2016 American film by Dean Fleischer-Camp

Fraud is a 2016 conceptual collage film directed by Dean Fleischer Camp (credited at the time of release as Dean Fleischer-Camp) in his directorial debut. The film is made up of re-edited home videos uploaded to YouTube. It tells the fictional story of an average American family of four obsessively shopping at big-box stores until their increasing mountain of debt leads them to go to extremes in order to wipe the slate clean and keep the money flowing.

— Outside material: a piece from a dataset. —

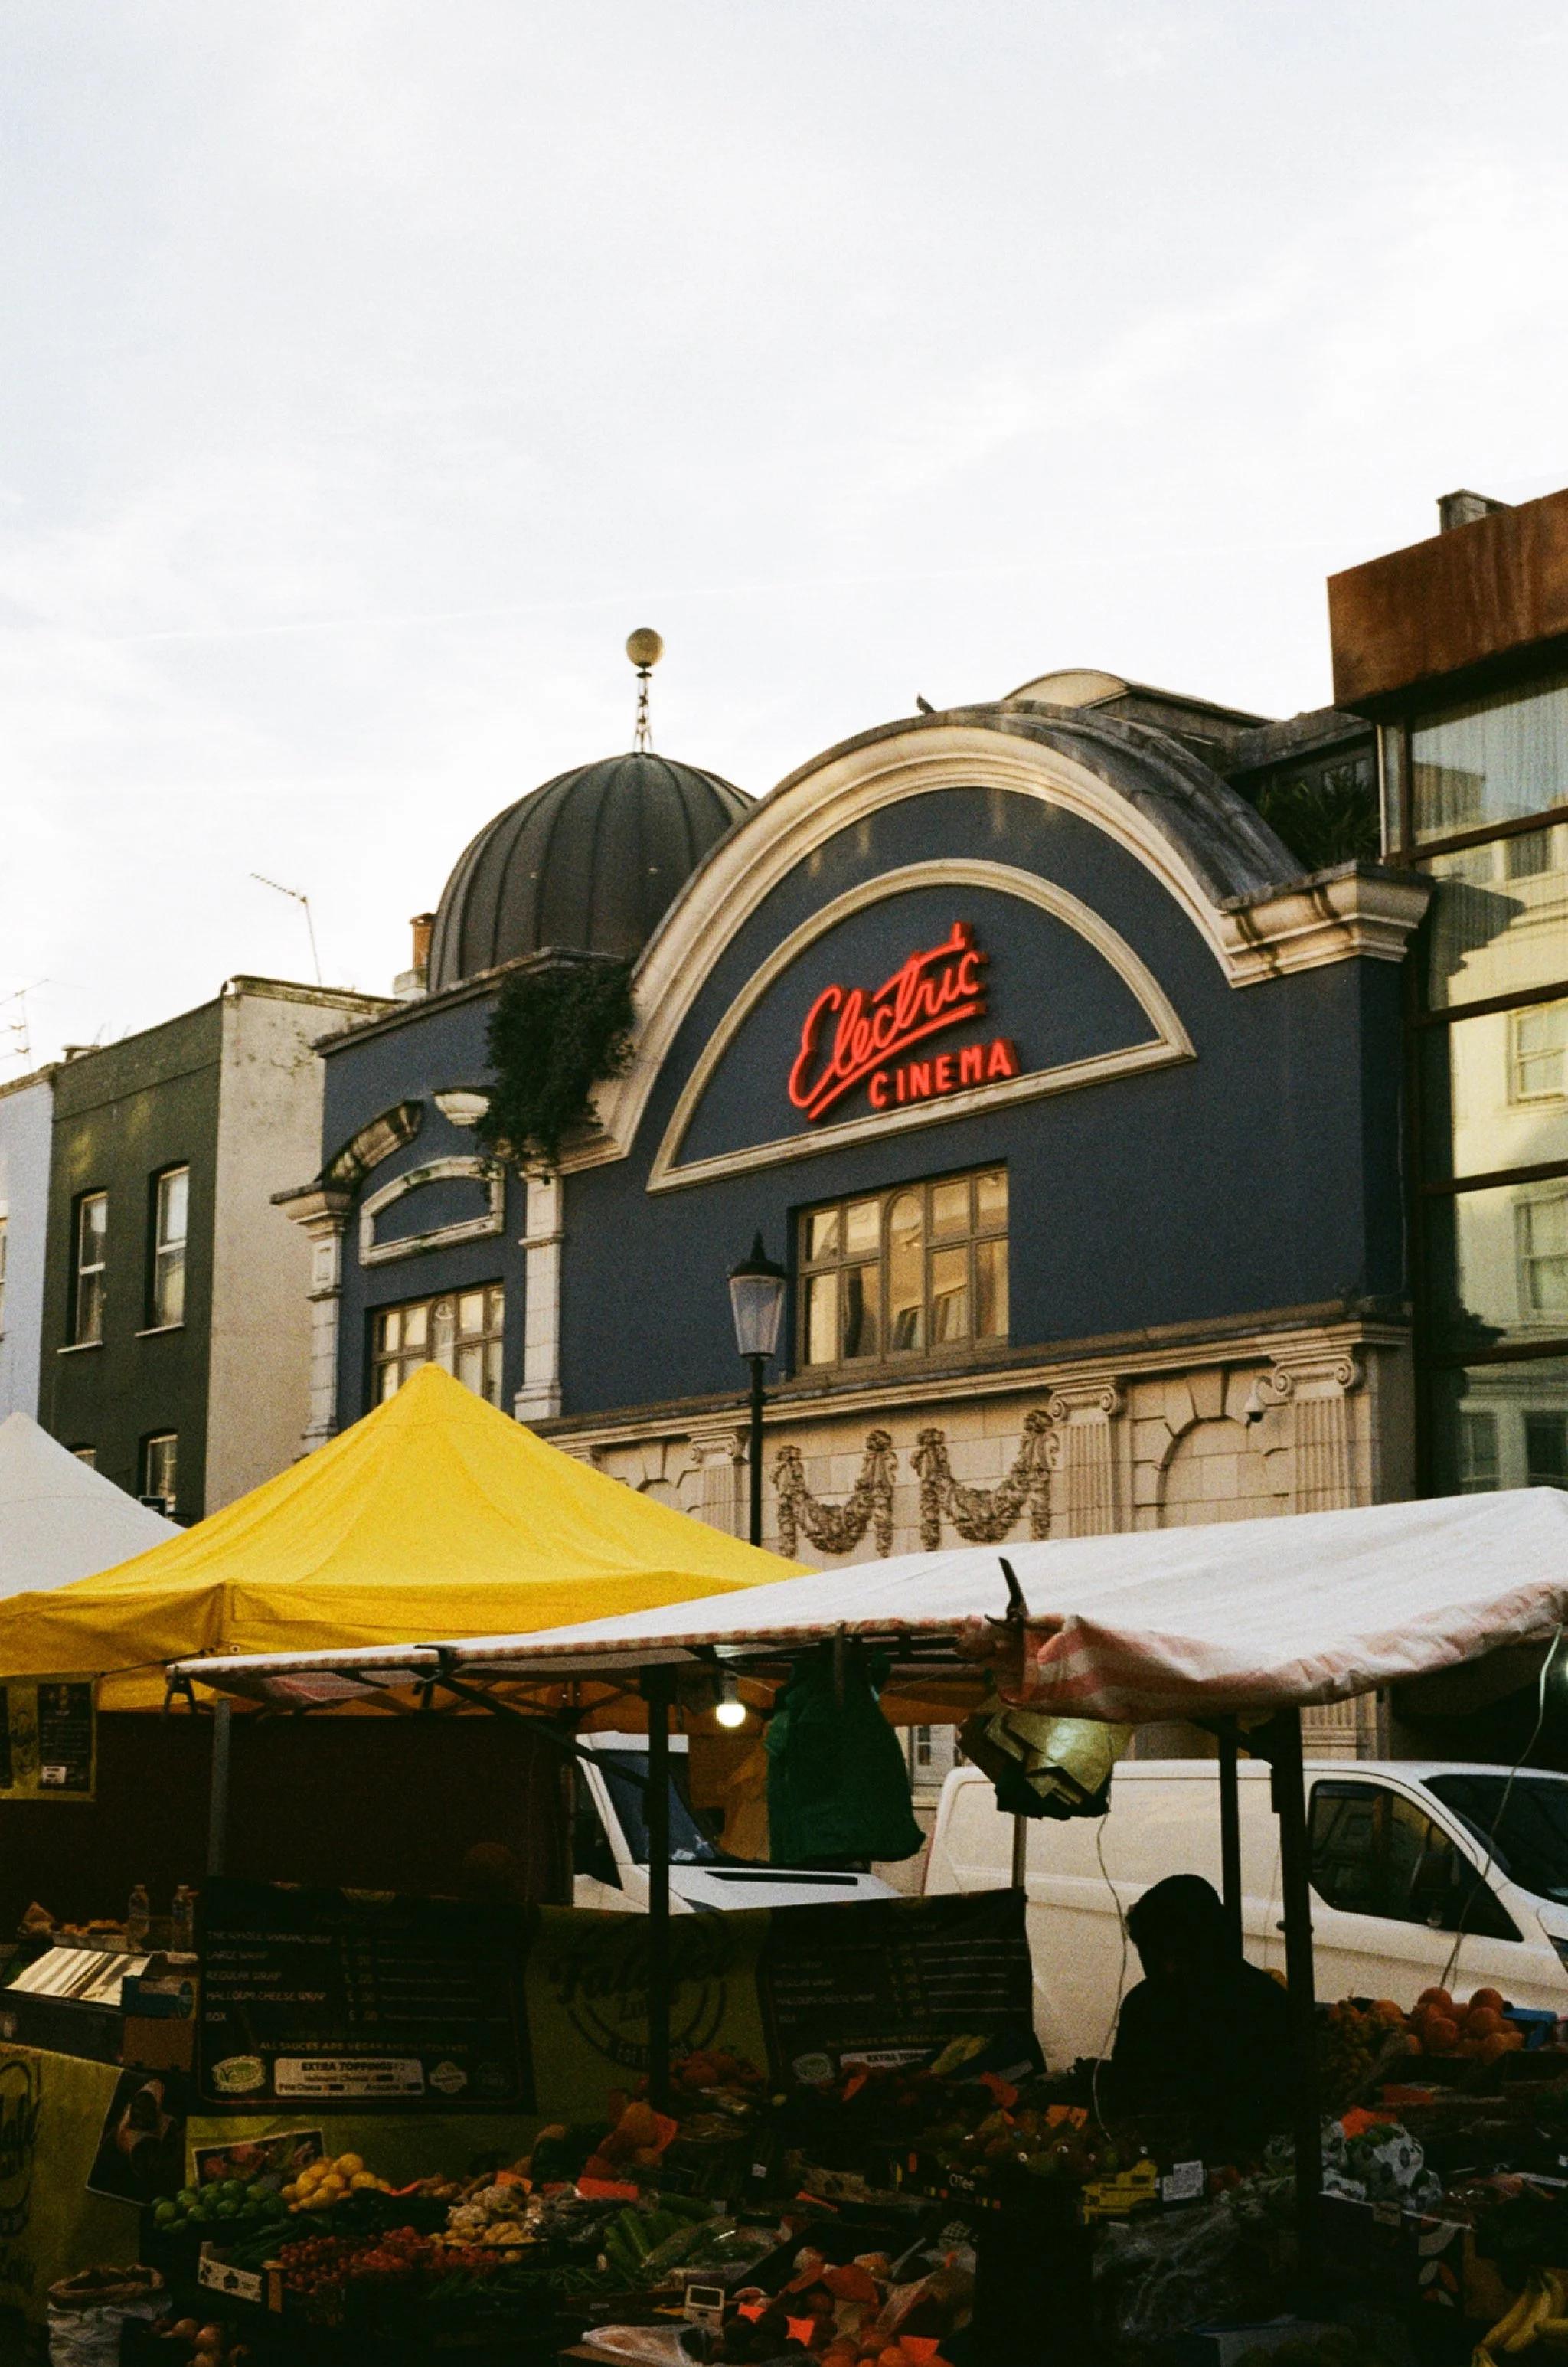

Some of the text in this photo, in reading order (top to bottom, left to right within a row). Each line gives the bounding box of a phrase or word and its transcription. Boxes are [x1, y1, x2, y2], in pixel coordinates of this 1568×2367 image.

David Gordon Green, Jody Hill, and Danny McBride serve as executive producers through Rough House Pictures.

==Origins==
Fleischer Camp was digging through clips on the user-generated content platform YouTube when he stumbled across over 100 hours of home video footage documenting the life of an unknown American family, the Arnolds, and uploaded to the Internet between 2008 and 2015, by the patriarch Gary. Fleischer Camp was initially hesitant to turn it into a documentary because of the effort and time required to cut the footage down to feature length.

==Release==
The film had its world premiere at Hot Docs in May 2016 where the premiere was controversial, with arguments breaking out during post-screening Q&As between the director and members of the audience as well as amongst the audience members themselves. The film has been selected to screen at BAMcinemaFest at the Brooklyn Academy of Music in New York and the Sheffield International Documentary Festival (SIDF) in the United Kingdom.